More than 250 years ago, the decorated planks covered the "shell grotto" at Newhailes House in Musselburgh.
They have now been returned there for the first time in a decade so that conservationists from the National Trust for Scotland can work towards putting them on display. They hope the move will help visitors discover how spectacular the gardens once were.
The planks, decorated with shells and sparkling pieces of industrial waste, were found by archeologists in a burn close to the grotto in 2001. They had originally been mounted on the walls of the grotto some time between 1721 and 1751. After a decade of being kept at the NTS conservation studio at Hopetoun House, they have now been returned to Newhailes, thanks to the creation of a special archeological finds store in the house's stables.
The creation of the store, which will also contain archeological finds from other Trust sites, means that the planks can be kept in temperature and humidity-controlled conditions as conservationists work out how best to preserve them.
Trust archeologist Daniel Rhodes said that the shell grotto, which stands by a pool and waterfall, was originally part of a formal walking route around the gardens.
"As part of the estate walk you'd stand on the opposite side of the pool. There's a small waterfall and then there's this highly reflective shell grotto. Two torches mounted either side of the doorway would reflect in the pool and the shells. It's part of the entire designed landscape," he said.
Mr Rhodes said it would be some time before the decorated planks could be displayed to the public, but they would help visitors to appreciate the lost garden. "They're very complicated items to conserve because they're made up of four different types of material that all need conserving.
"Being able to show them to the public will allow us to give people a clue as to just how spectacular this estate once was. It's really important to the Trust," he said.
DIGGING INTO THE PAST
NEWHAILES House was built in 1686 and bought by the Dalrymple family in 1707, who owned it for 200 years.
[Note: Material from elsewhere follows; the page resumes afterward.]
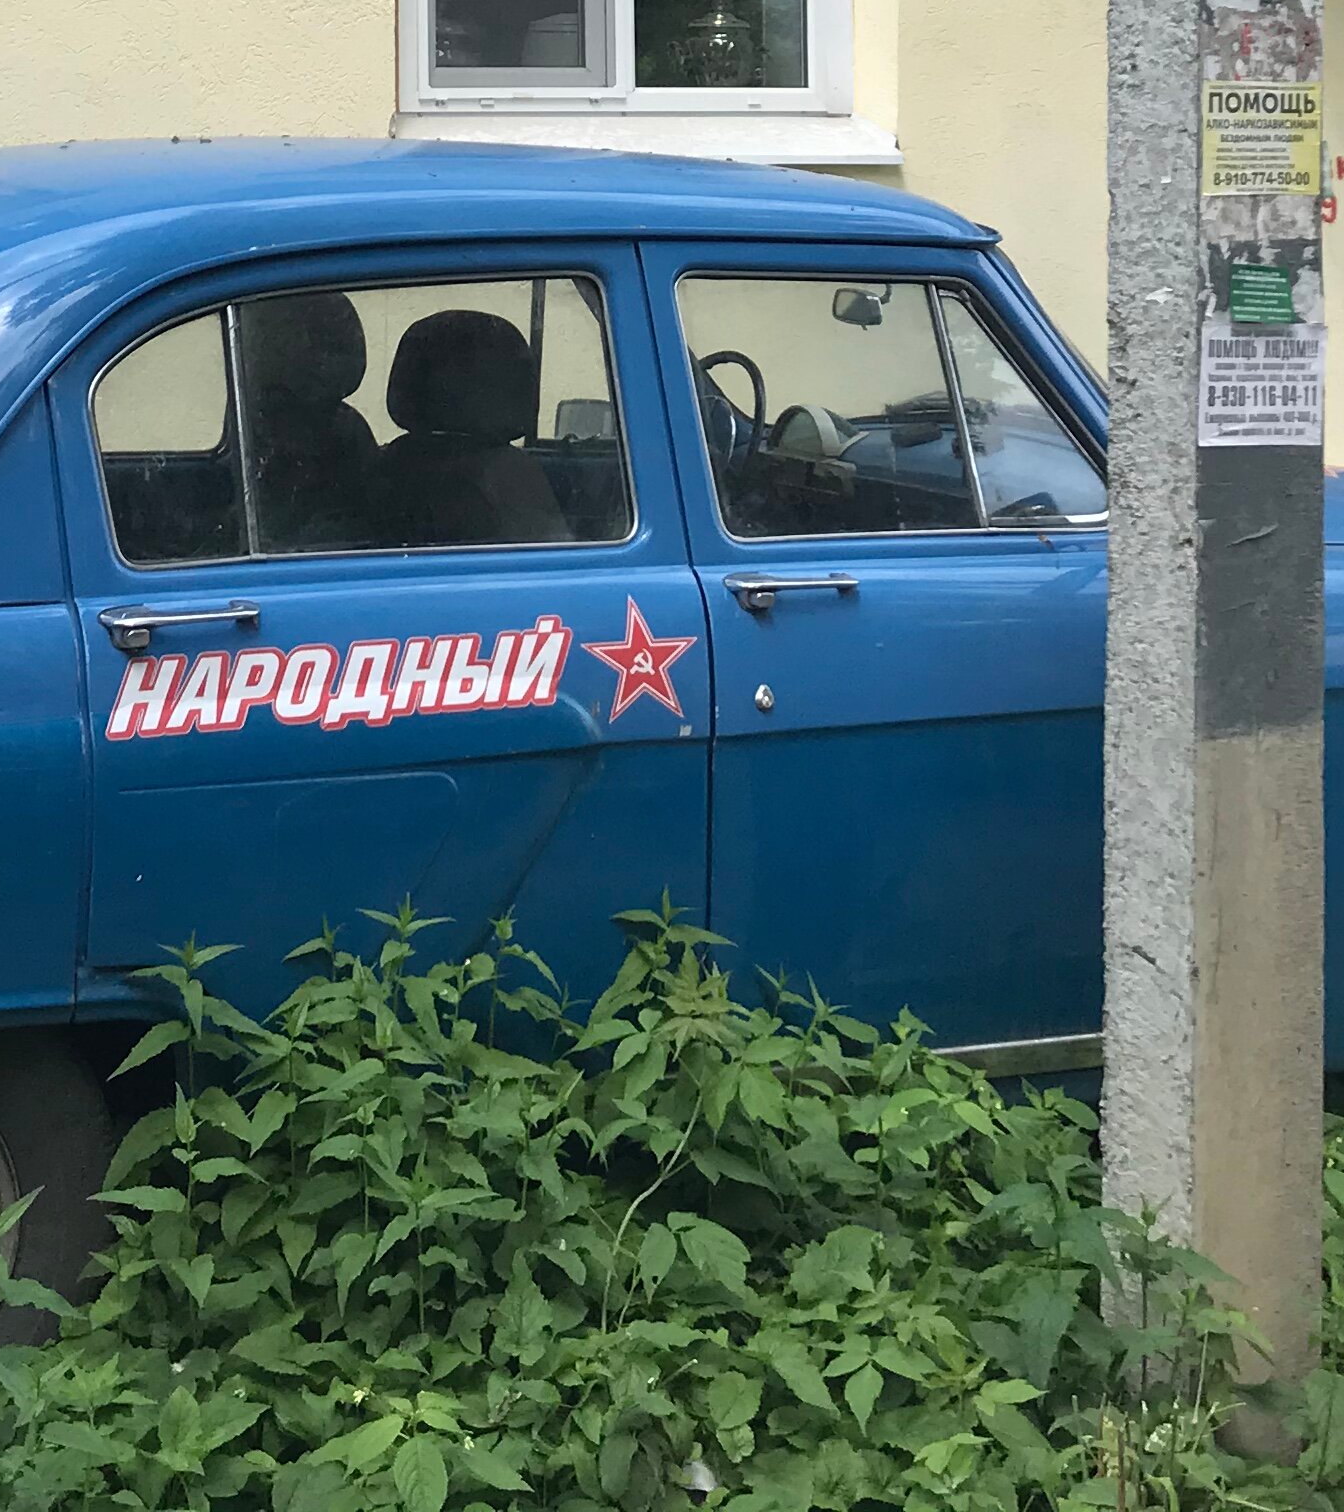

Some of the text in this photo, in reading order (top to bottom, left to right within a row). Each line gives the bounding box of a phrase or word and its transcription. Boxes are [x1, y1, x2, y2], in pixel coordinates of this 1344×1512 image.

In 1997 it was bought by the National Trust for Scotland with the aim of preserving the building. But when the estate was examined, the remains of a 250-year-old formal landscaped garden were discovered beneath the undergrowth.
As well as the shell grotto, the garden featured a raised causeway with commanding views. It also had the only tea-house in Britain to have been built over a burn.
It was thought that all the shells from the grotto had disappeared until they were uncovered by archeologists in 2001.